Evangelista values playing such a strong character, as well as the opportunity to show audiences that strength isn’t the same as protection in a broken system. “There is a line in the play when Karen says, ‘That’s the scary part…I thought I could [take care of myself],’” she says. “Karen is a strong, very professional, talented trial lawyer and it’s because of these skills that she’s able to succeed in a male-dominated field. But despite how successful she is on her own merit, even she becomes victim of this patriarchy.”
MsTRIAL isn’t the first time Evangelista has taken on a powerful and culturally significant role. In addition to her screen work, Evangelista honed her skills in theatre, including appearances in Breaking Legs and Danny and the Deep Blue Sea (both at Soho Playhouse) as well as Less Than Human Club at HB Studios Theater.
Here, she proves her theatre credentials:
What was your first professional job?
Christine Evangelista: I was a “featured extra” playing a hit and run victim on 3rd Watch on NBC. I was a minor at the time and needed to be accompanied by a parent. My mother took me to set and on our way home, (covered in fake blood), we were pulled over by police driving across the Verrazano Bridge. My mother was horrified by their accusation and after explaining the work I just did, they let us go. She never did take me to set again after that.
What was the stage show that has most influenced you?
I absolutely loved Alan Cumming in Cabaret and Marin Ireland's performance in Ironbound.
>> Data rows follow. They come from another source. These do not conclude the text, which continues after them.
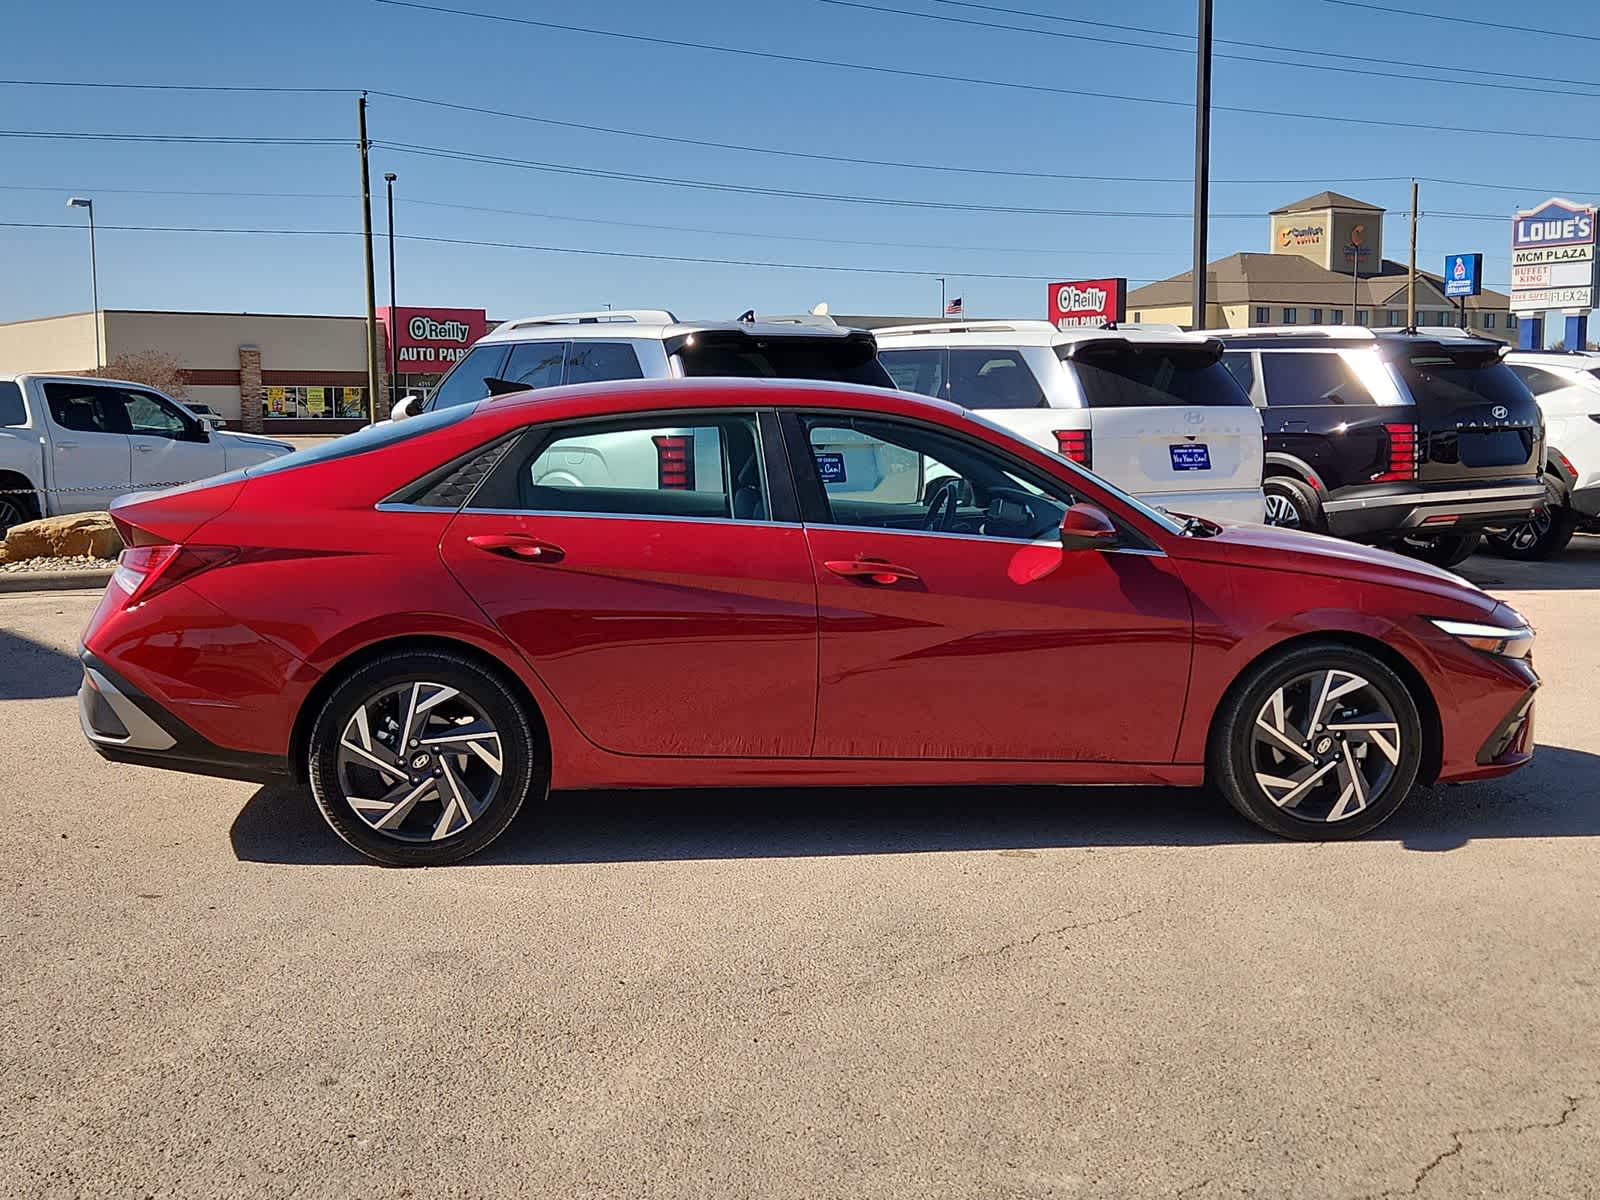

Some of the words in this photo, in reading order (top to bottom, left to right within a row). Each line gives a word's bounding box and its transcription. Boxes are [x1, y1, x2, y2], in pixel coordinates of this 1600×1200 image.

[1518, 216, 1590, 242] LOWE'S
[1516, 252, 1543, 263] MCM
[1546, 248, 1587, 260] PLAZA
[1514, 266, 1548, 276] BUFFET
[1519, 274, 1543, 283] KING
[1057, 285, 1107, 313] O'Reilly
[1058, 316, 1079, 328] AUTO
[1080, 315, 1107, 328] PARTS
[409, 316, 470, 342] O'Reilly
[399, 347, 435, 361] AUTO
Is there a stage moment you witnessed that stays with you?
The most powerful moment I witnessed happened when I left the theatre one night while in previews for MsTrial. It was late, I was exhausted, and as I was walking out of the backstage door, a young girl was waiting for me on the street to share her experience with sexual assault. She hugged me. It was a powerful moment with not many words. I thank the theatre for that human connection, for the ability to tell stories that can help people tap into their own human experience, for bringing people together.
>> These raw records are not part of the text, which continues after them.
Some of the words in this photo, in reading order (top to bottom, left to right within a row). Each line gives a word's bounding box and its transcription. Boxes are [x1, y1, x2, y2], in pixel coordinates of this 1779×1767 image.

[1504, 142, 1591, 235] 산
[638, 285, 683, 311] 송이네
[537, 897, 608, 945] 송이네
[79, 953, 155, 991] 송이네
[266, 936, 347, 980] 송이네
What’s been the biggest challenge of your career?
What’s been the most rewarding experience onstage for you?
I like the feeling of being in a “troupe.” Like any production, I’ve formed deep bonds with my castmates. I feel it’s particularly strong in theatre because you feel as though you’re in the trenches with them—working all day and night, experimenting and creating each and every moment on stage together. Additionally, I find applause to be very rewarding.
Who is a collaborator from theatre that made you better?
My teacher and mentor, Scott Freeman from The Freeman Studio. He has an encyclopedic knowledge of plays and a brilliant way to communicate direction.
Working in TV, how do you balance stage and screen? Do you want to?
I want to work and I want to always be working on my craft. It’s the goal for actors to have the opportunity to balance both. I’d be very fulfilled continuing to do that. It’s certainly the plan.
What is your favorite part of doing TV that’s different from theatre?
The money, craft services, and I can bring my dog.
John explicitly violates a boundary with Karen. How do you personally grapple with this story?
For me, there is no “moral question." There is no “gray area.” “No” means No. It doesn’t matter if there’s a professional relationship or they were too drunk or there is an underlying attraction between two parties. All these other elements are external forces.
What do you feel is our obligation as artists and theatremakers to convey in stories about intimacy and consent?
This story is a very provocative, sensitive and triggering subject for the alarmingly vast majority of women. As an actress, I have a responsibility to bring to this character my own experience and then let my character’s experience affect the audience’s experience. I strongly believe that all forms of art have a powerful role to play in causes of social justice. My hope is that a play like this and my performance will impact the way some people think about the issue of consent and the failures of the justice system to protect victims of sexual assault.